__Data for review__
++++++++++

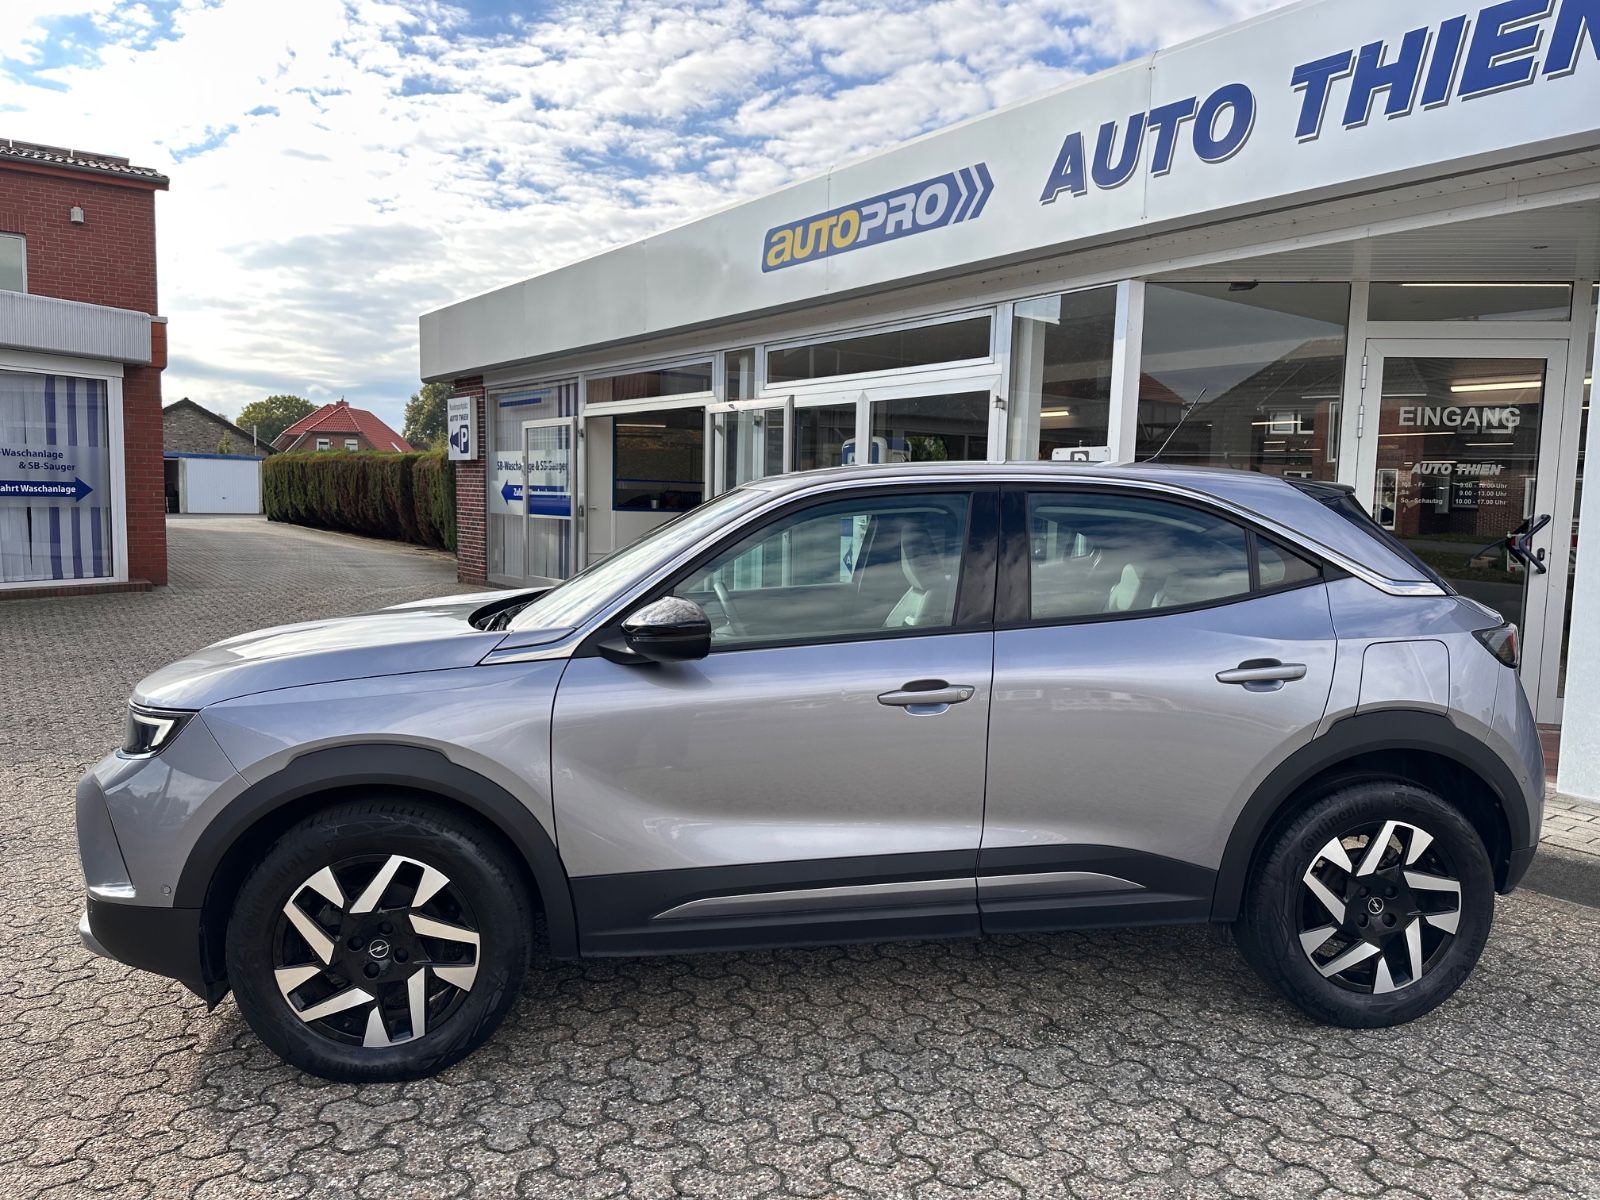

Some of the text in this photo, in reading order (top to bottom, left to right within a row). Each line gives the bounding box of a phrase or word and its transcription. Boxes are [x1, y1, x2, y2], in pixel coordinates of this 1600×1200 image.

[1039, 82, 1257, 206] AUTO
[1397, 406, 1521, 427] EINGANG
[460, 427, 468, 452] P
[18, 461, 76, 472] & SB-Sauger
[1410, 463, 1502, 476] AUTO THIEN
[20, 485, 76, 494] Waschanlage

++++++++++

__Directions__
Before handing back the copy, remove the pictures; otherwise print the data exactly.

__Answer for the task__
Some of the text in this photo, in reading order (top to bottom, left to right within a row). Each line gives the bounding box of a phrase or word and its transcription. Boxes are [x1, y1, x2, y2], in pixel coordinates of this 1600×1200 image.

[1039, 82, 1257, 206] AUTO
[1397, 406, 1521, 427] EINGANG
[460, 427, 468, 452] P
[18, 461, 76, 472] & SB-Sauger
[1410, 463, 1502, 476] AUTO THIEN
[20, 485, 76, 494] Waschanlage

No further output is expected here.